Data supplied:
#####
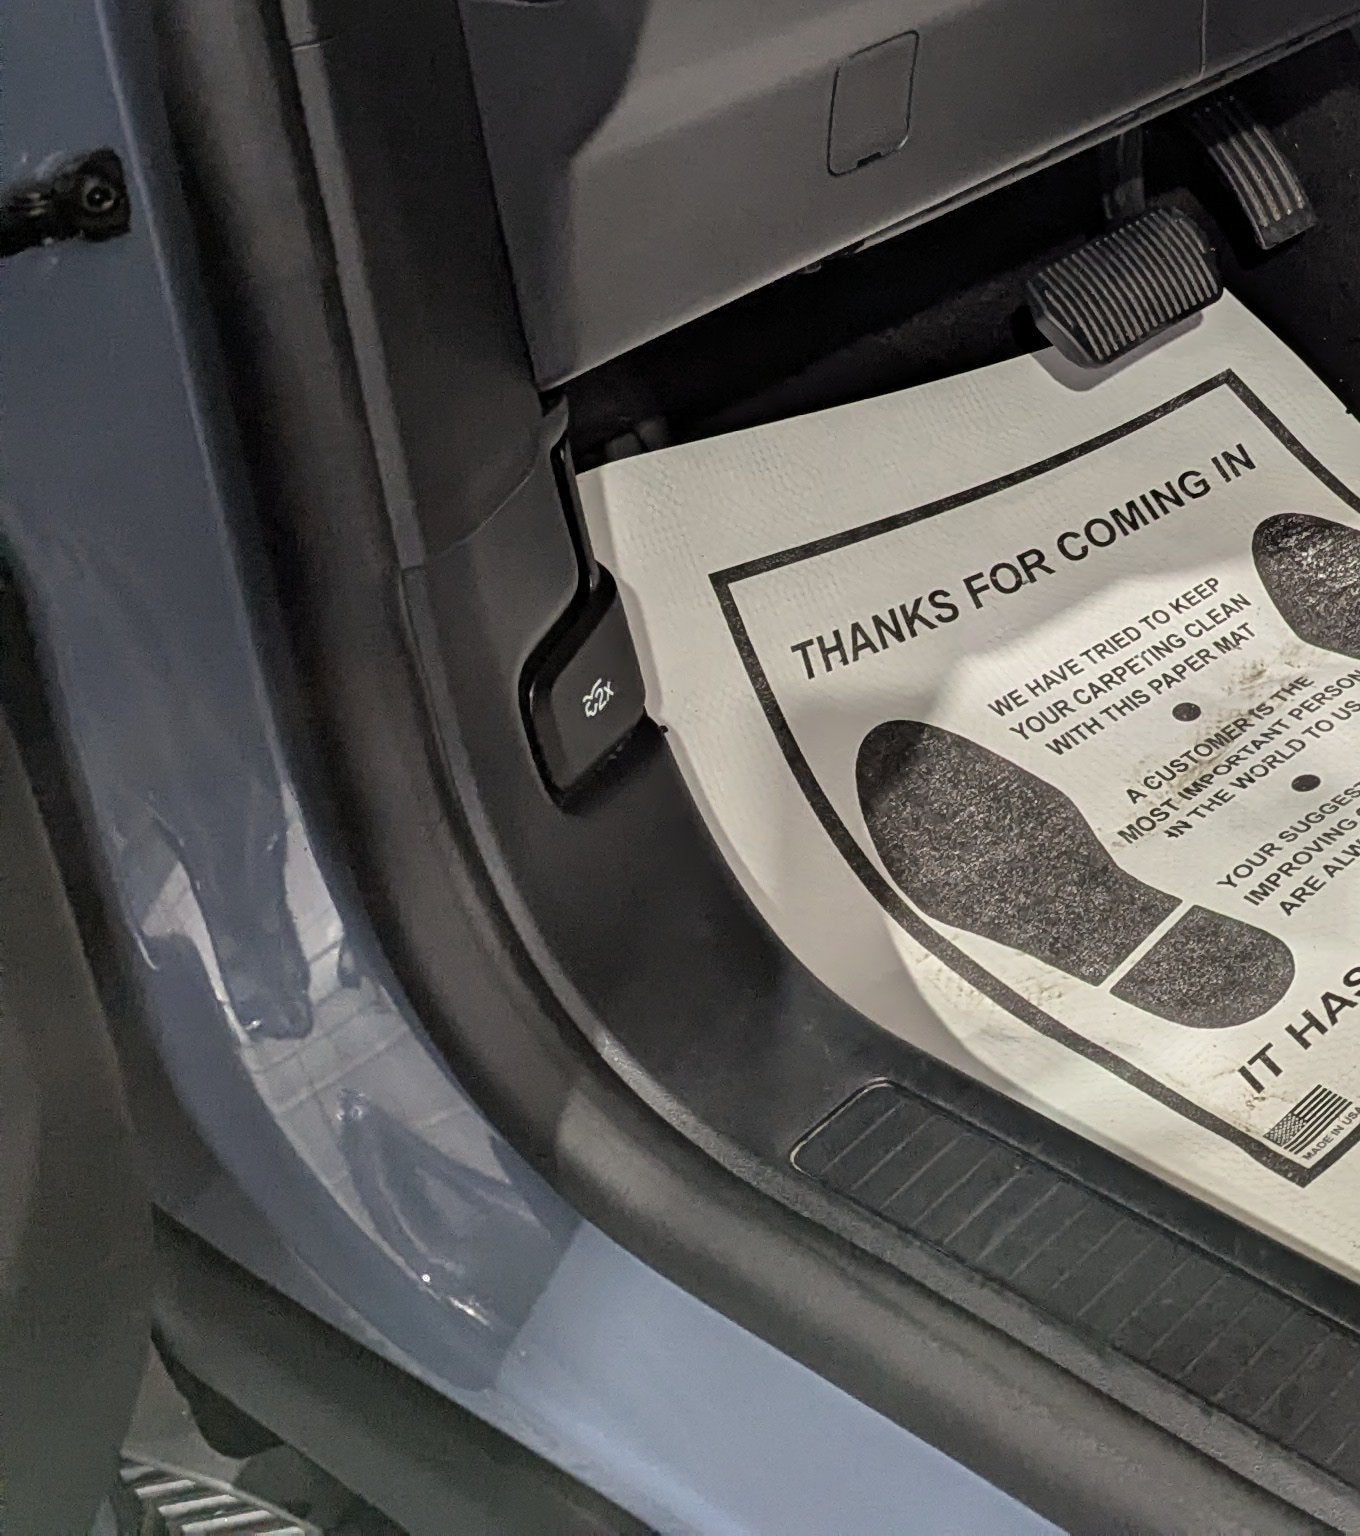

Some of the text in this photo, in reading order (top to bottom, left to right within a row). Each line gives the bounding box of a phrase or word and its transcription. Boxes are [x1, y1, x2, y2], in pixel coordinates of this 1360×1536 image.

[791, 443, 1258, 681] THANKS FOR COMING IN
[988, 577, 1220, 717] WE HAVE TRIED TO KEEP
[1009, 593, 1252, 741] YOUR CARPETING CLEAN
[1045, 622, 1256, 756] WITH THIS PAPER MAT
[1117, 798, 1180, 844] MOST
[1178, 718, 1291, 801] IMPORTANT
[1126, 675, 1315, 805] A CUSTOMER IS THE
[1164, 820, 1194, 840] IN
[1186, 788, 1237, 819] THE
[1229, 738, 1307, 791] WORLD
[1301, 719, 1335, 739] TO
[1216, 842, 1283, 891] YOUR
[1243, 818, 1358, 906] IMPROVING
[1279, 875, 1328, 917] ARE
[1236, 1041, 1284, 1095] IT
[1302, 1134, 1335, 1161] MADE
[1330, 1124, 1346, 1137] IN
#####
What to produce: Every record above should reappear exactly, with the pictures gone.

Answer to the problem:
Some of the text in this photo, in reading order (top to bottom, left to right within a row). Each line gives the bounding box of a phrase or word and its transcription. Boxes are [x1, y1, x2, y2], in pixel coordinates of this 1360×1536 image.

[791, 443, 1258, 681] THANKS FOR COMING IN
[988, 577, 1220, 717] WE HAVE TRIED TO KEEP
[1009, 593, 1252, 741] YOUR CARPETING CLEAN
[1045, 622, 1256, 756] WITH THIS PAPER MAT
[1117, 798, 1180, 844] MOST
[1178, 718, 1291, 801] IMPORTANT
[1126, 675, 1315, 805] A CUSTOMER IS THE
[1164, 820, 1194, 840] IN
[1186, 788, 1237, 819] THE
[1229, 738, 1307, 791] WORLD
[1301, 719, 1335, 739] TO
[1216, 842, 1283, 891] YOUR
[1243, 818, 1358, 906] IMPROVING
[1279, 875, 1328, 917] ARE
[1236, 1041, 1284, 1095] IT
[1302, 1134, 1335, 1161] MADE
[1330, 1124, 1346, 1137] IN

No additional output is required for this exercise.